:: Your instructions ::
Make an exact copy of every entry below, with the pictures left out.

Start of Records

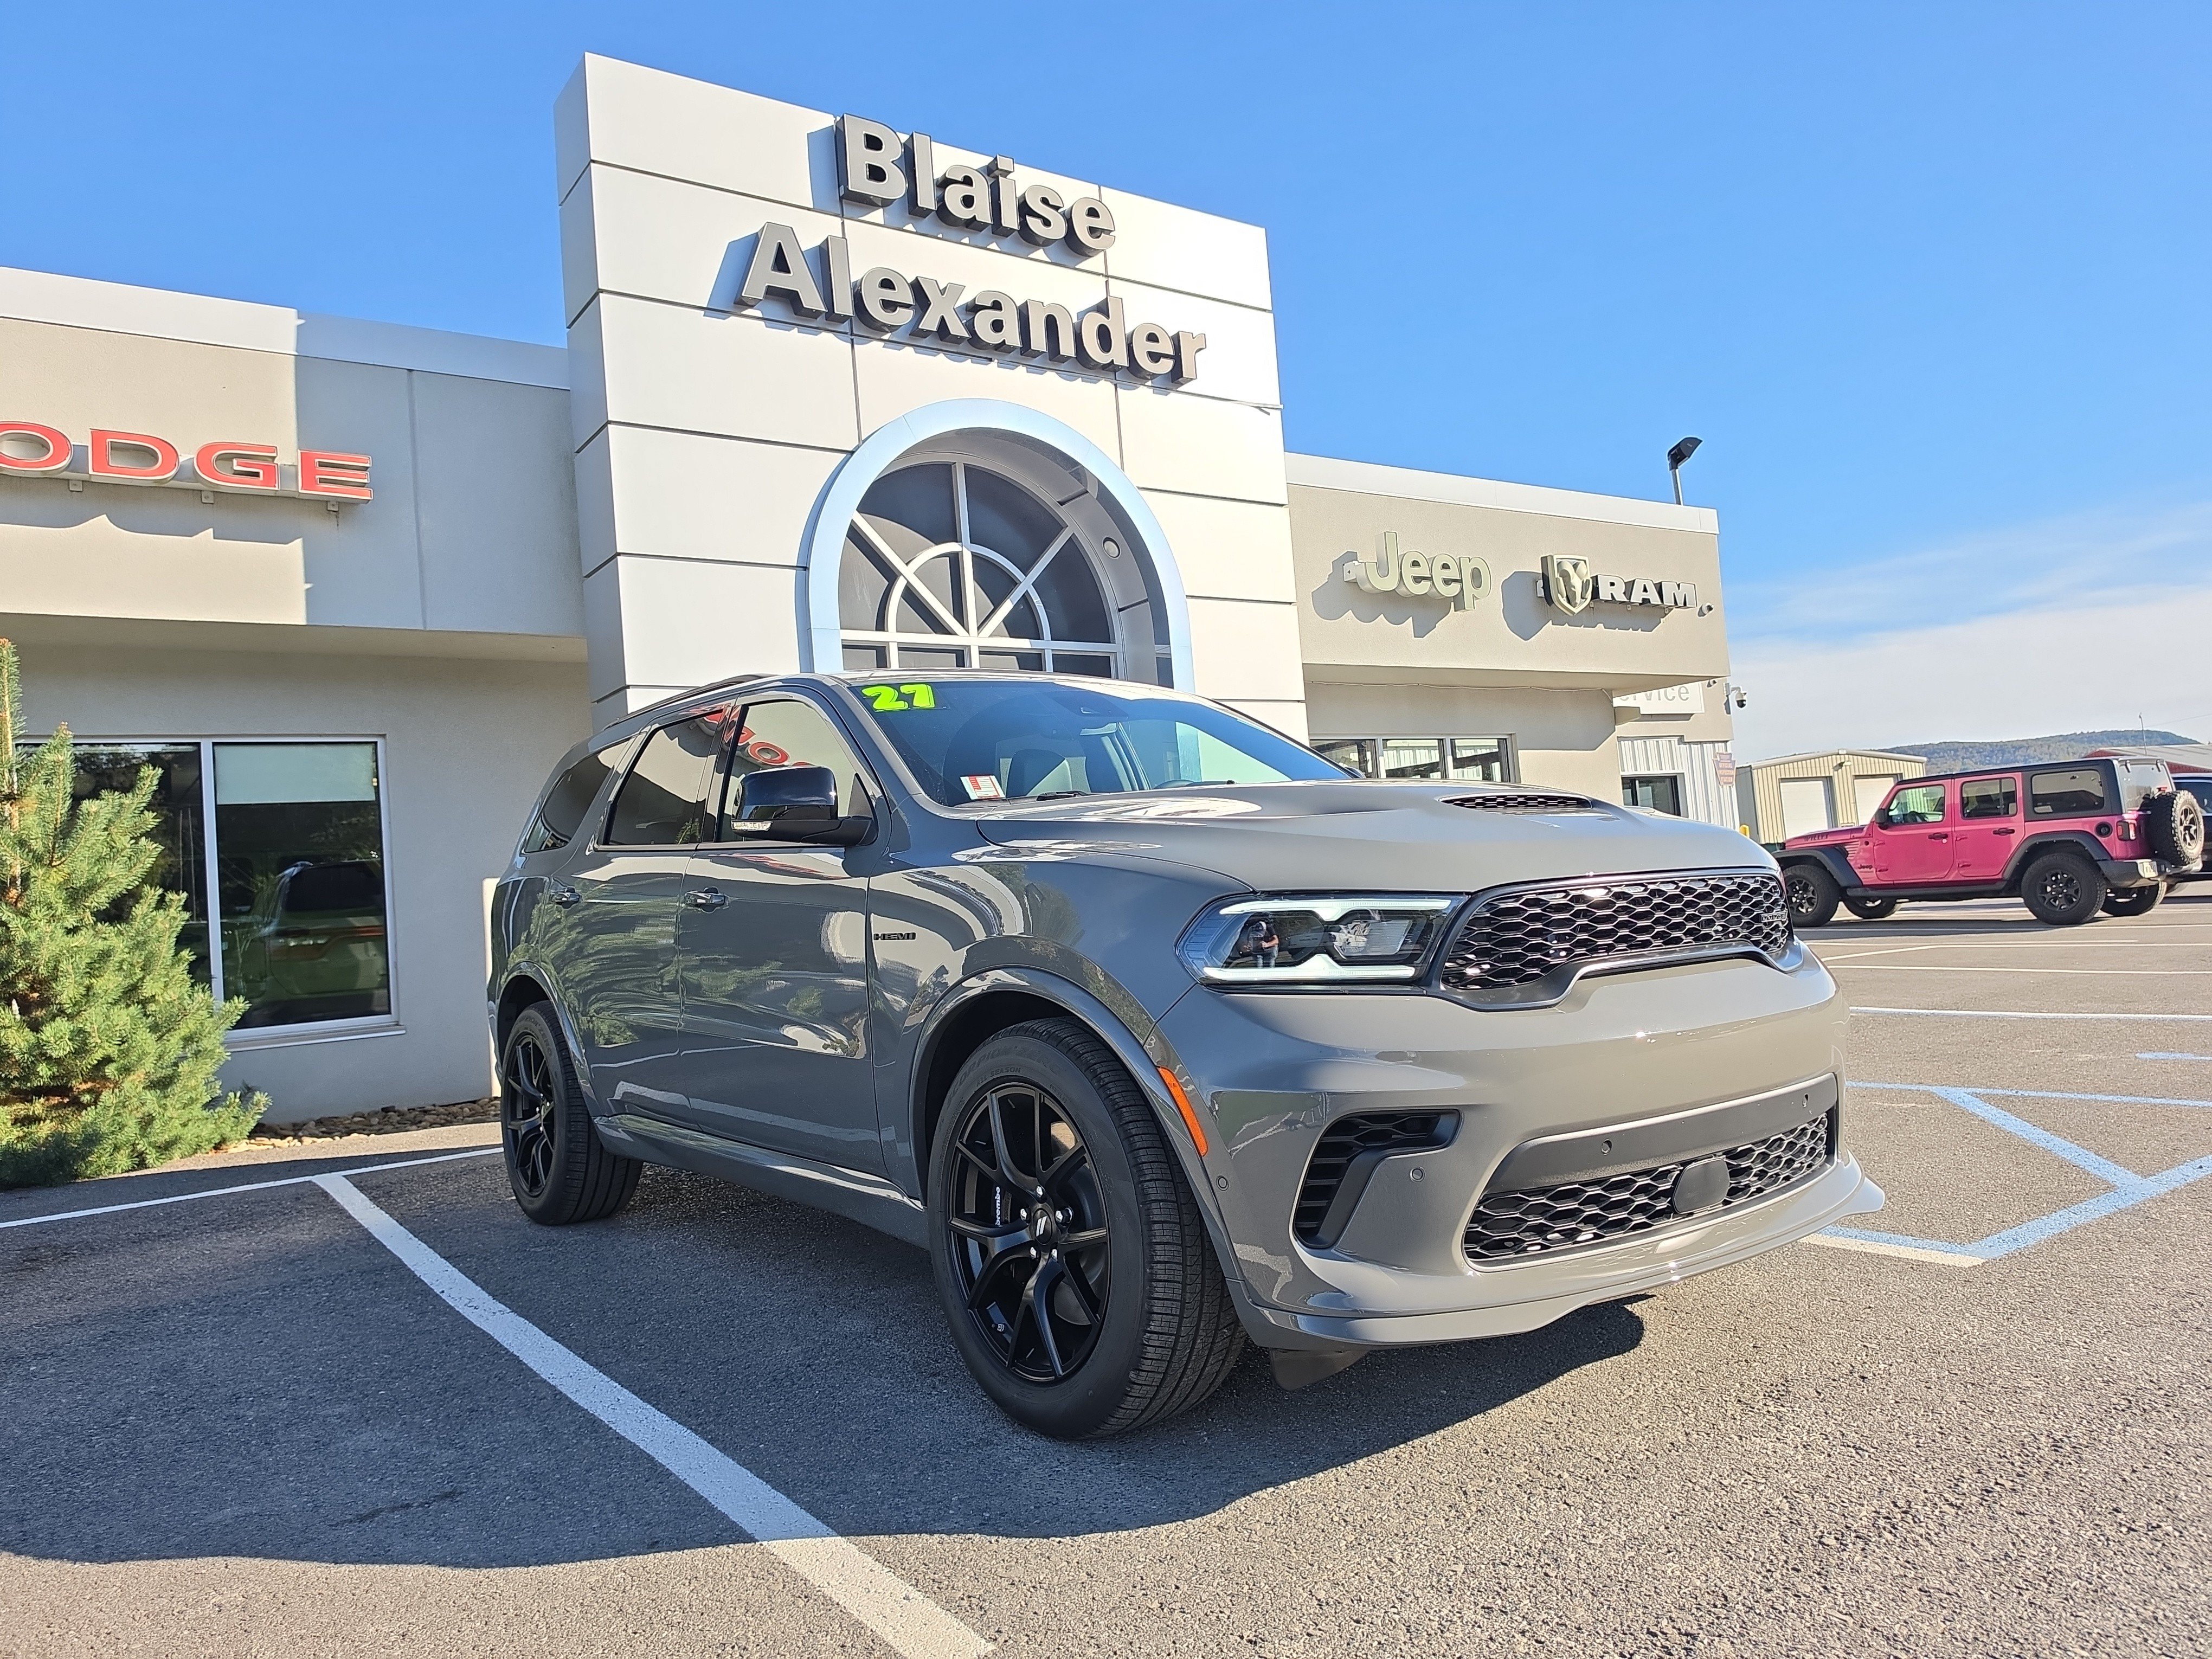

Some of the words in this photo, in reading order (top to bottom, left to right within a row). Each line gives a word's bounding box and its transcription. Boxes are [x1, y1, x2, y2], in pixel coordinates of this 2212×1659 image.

[838, 113, 1116, 255] Blaise
[737, 221, 1206, 383] Alexander
[0, 421, 374, 502] ODGE
[1360, 531, 1491, 611] Jeep
[1597, 574, 1698, 608] RAM
[861, 684, 935, 711] 27
[1619, 686, 1689, 702] vice
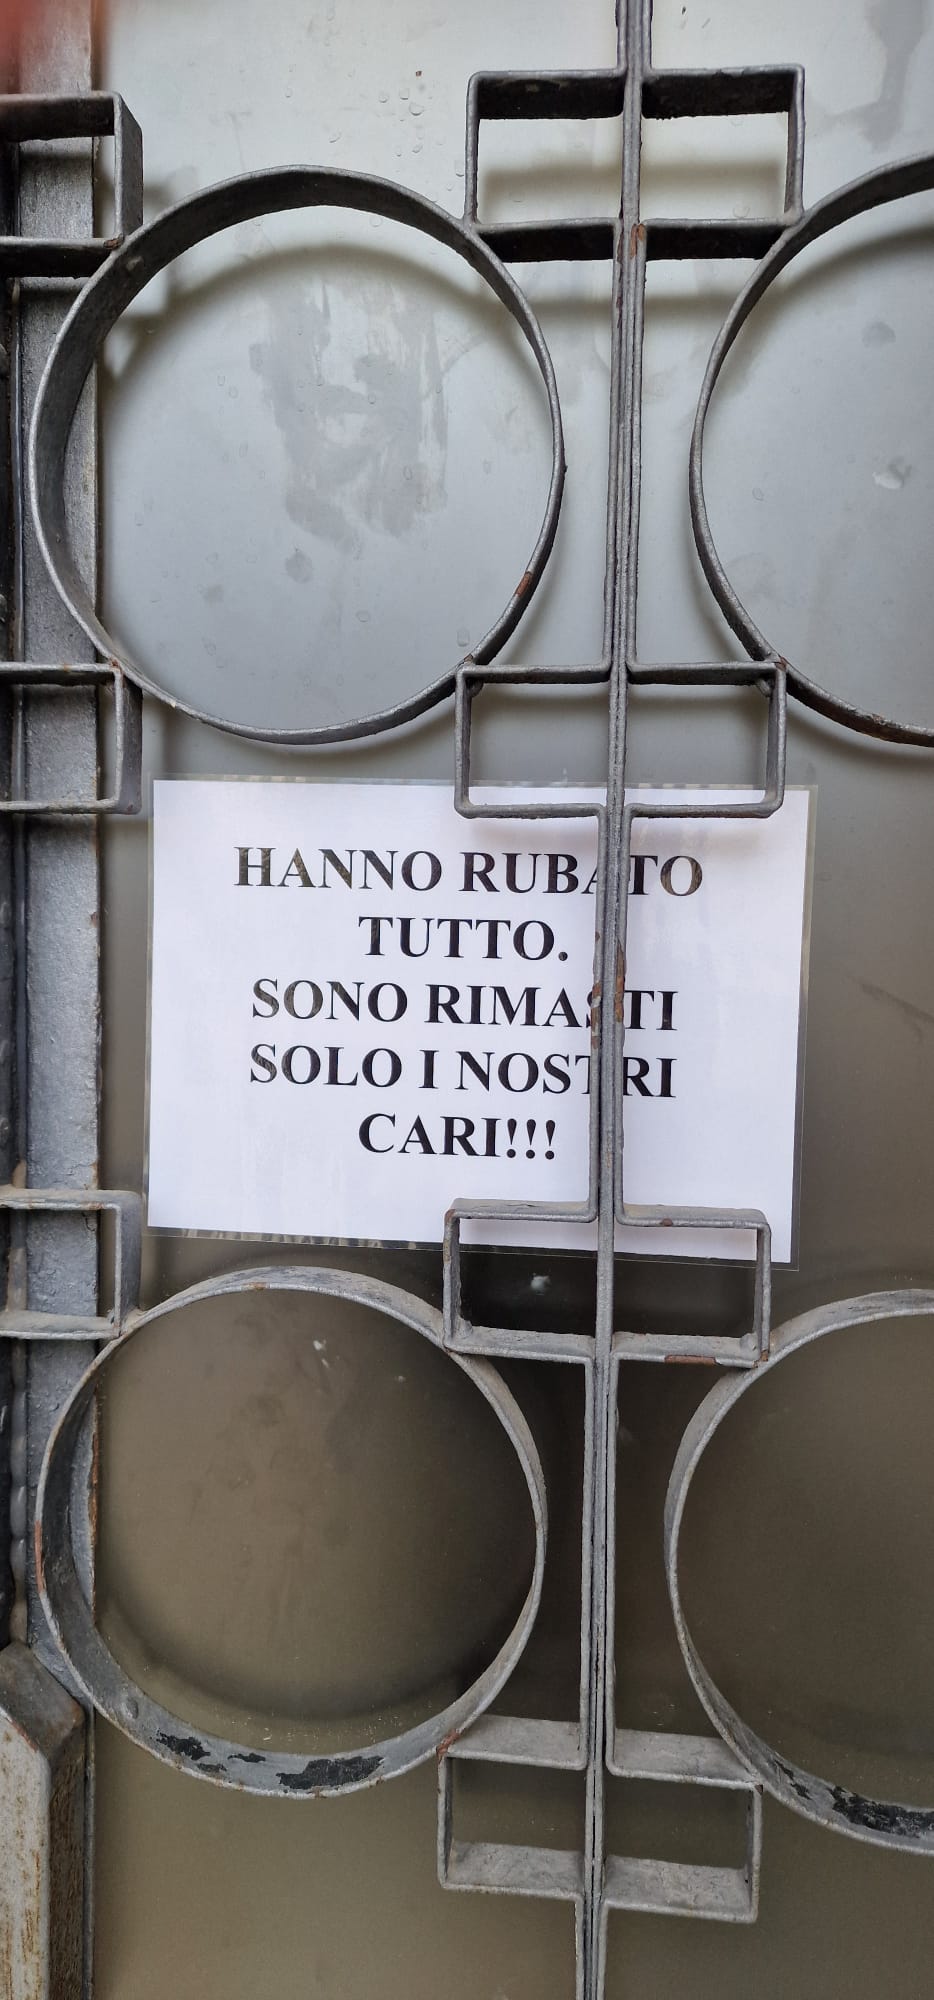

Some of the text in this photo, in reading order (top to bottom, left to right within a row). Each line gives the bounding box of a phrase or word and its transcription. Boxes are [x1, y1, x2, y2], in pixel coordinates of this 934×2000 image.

[234, 846, 442, 892] HANNO
[358, 916, 569, 962] TUTTO.
[251, 978, 678, 1031] SONO RIMATI
[249, 1043, 402, 1088] SOLO
[419, 1049, 438, 1089] I
[358, 1113, 557, 1160] CARI!!!

End of Records

:: Response ::
Some of the words in this photo, in reading order (top to bottom, left to right within a row). Each line gives a word's bounding box and its transcription. Boxes are [x1, y1, x2, y2], in pixel coordinates of this 2212×1659 image.

[838, 113, 1116, 255] Blaise
[737, 221, 1206, 383] Alexander
[0, 421, 374, 502] ODGE
[1360, 531, 1491, 611] Jeep
[1597, 574, 1698, 608] RAM
[861, 684, 935, 711] 27
[1619, 686, 1689, 702] vice

Some of the text in this photo, in reading order (top to bottom, left to right within a row). Each line gives the bounding box of a phrase or word and its transcription. Boxes are [x1, y1, x2, y2], in pixel coordinates of this 934×2000 image.

[234, 846, 442, 892] HANNO
[358, 916, 569, 962] TUTTO.
[251, 978, 678, 1031] SONO RIMATI
[249, 1043, 402, 1088] SOLO
[419, 1049, 438, 1089] I
[358, 1113, 557, 1160] CARI!!!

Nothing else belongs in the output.